Robots.txt Generator
User Agents
1
Disallow Rules
0
Allow Rules
1
Sitemaps
1
About the Robots.txt Generator
The Robots.txt Generator builds a valid robots.txt file that tells search engine crawlers which parts of your site they may or may not request. It produces the standard directives — User-agent, Allow, Disallow, and Sitemap — for common scenarios such as a fully public production site, a staging or development environment that should be blocked entirely, or a site that needs to hide admin paths, search results, and faceted URLs while keeping the rest crawlable.
Robots.txt lives at the root of a domain (for example, https://example.com/robots.txt) and is the first file most well-behaved crawlers fetch. The generator lets you target all bots with User-agent: * or single out specific ones like Googlebot or Bingbot, then layer Disallow rules to exclude directories and Allow rules to carve out exceptions. It also helps you add a Sitemap line pointing to your XML sitemap, which speeds discovery of your indexable URLs.
Use it when launching a new site to keep a staging copy out of the index (a global Disallow: /), when an existing site is leaking low-value URLs into search results, or when you simply want a clean, correctly formatted file rather than hand-editing syntax. It's also handy for documenting crawl policy in one place and for generating per-bot rules when you want to allow Google but slow down or block aggressive scrapers.
Important caveats: robots.txt controls crawling, not indexing — a disallowed URL that is linked from elsewhere can still appear in results without a snippet, so use a noindex meta tag or HTTP header to truly keep a page out of the index. Remember that the file is publicly visible, so never rely on it to hide sensitive paths; protect those with authentication instead. After generating, validate the rules against your live URLs and confirm the Sitemap line and your Canonical URL strategy stay consistent.
Frequently asked questions
- Does Disallow in robots.txt remove a page from Google?
- No. Disallow only asks crawlers not to fetch the URL; it does not prevent indexing. A blocked page can still be listed (often without a description) if other pages link to it. To remove a page from the index, allow crawling and add a noindex directive, or use the URL removal tools.

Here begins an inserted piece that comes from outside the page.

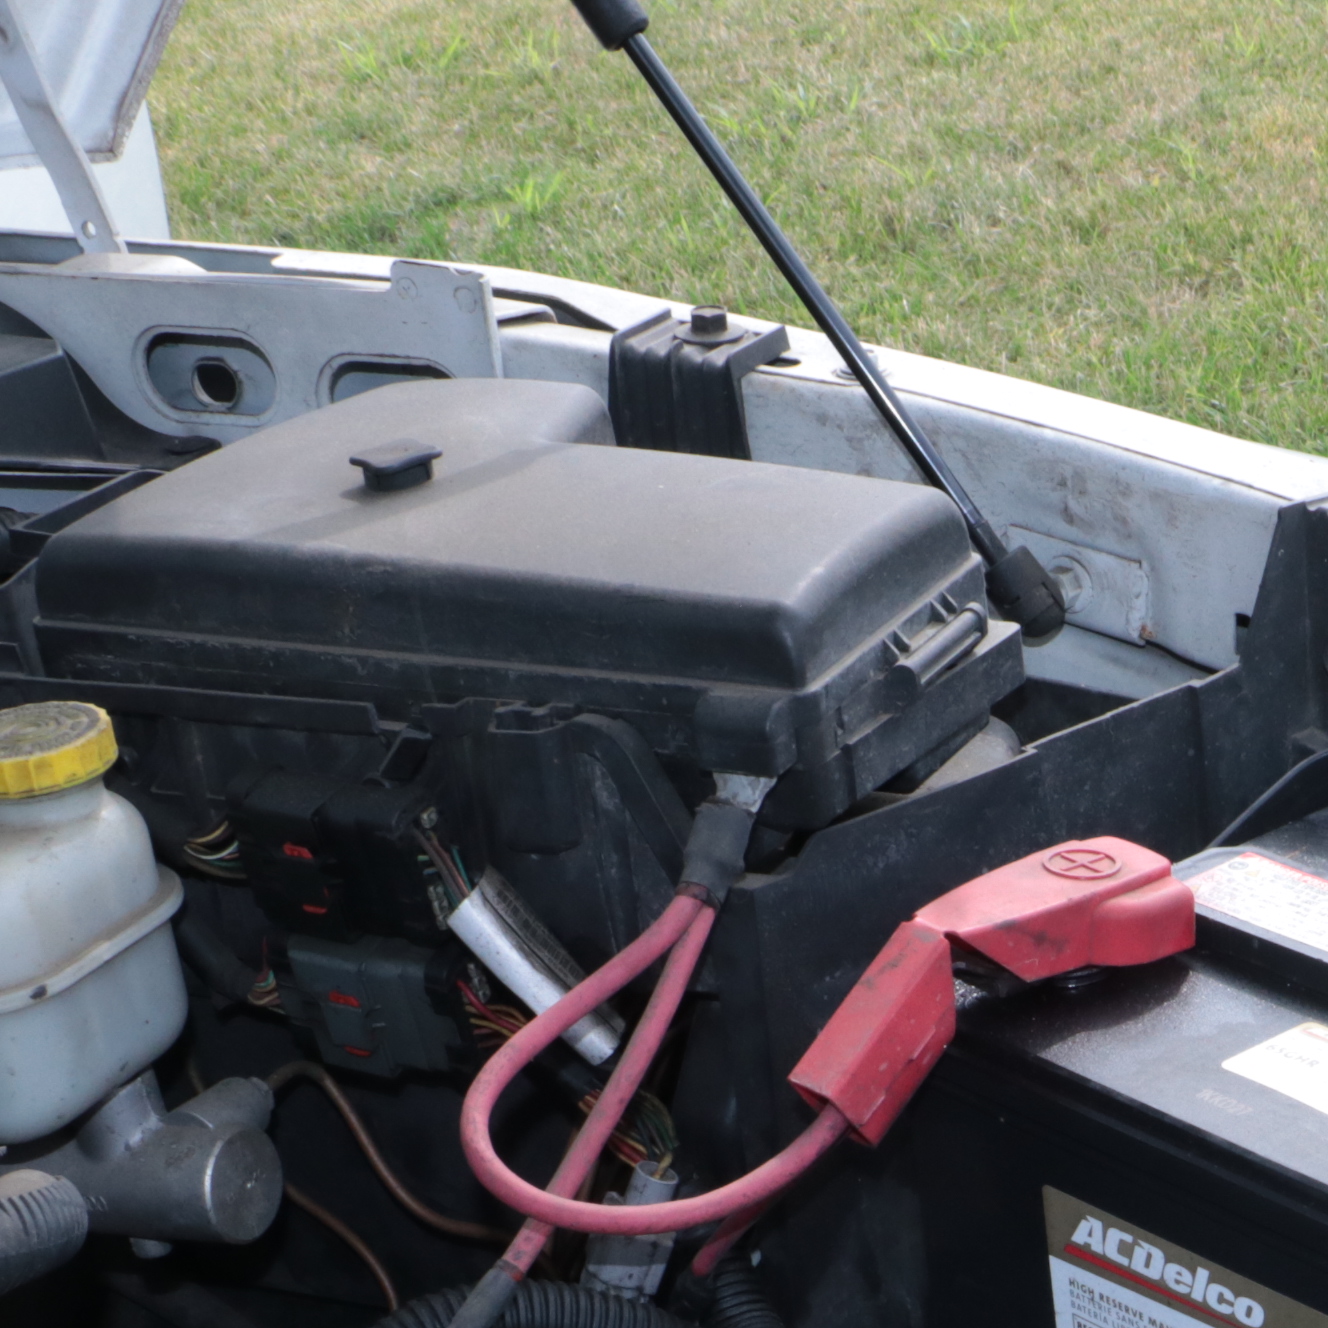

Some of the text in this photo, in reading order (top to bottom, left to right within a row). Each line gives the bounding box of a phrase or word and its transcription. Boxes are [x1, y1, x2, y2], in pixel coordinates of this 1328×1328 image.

- Where must robots.txt be placed?
- It must live at the root of the host, served at /robots.txt over the same protocol and host you want it to govern. Each subdomain and protocol can have its own file, and crawlers will not look for it in subdirectories.
- Should I block my staging site with robots.txt?
- Blocking with Disallow: / helps, but the most reliable approach for staging is HTTP authentication or a site-wide noindex header, since robots.txt does not stop indexing of linked URLs and is publicly readable.
- Can I include my sitemap in robots.txt?
- Yes. Adding a Sitemap: line with the absolute URL of your XML sitemap helps crawlers discover your pages faster. You can list multiple Sitemap lines, and they are independent of any User-agent group.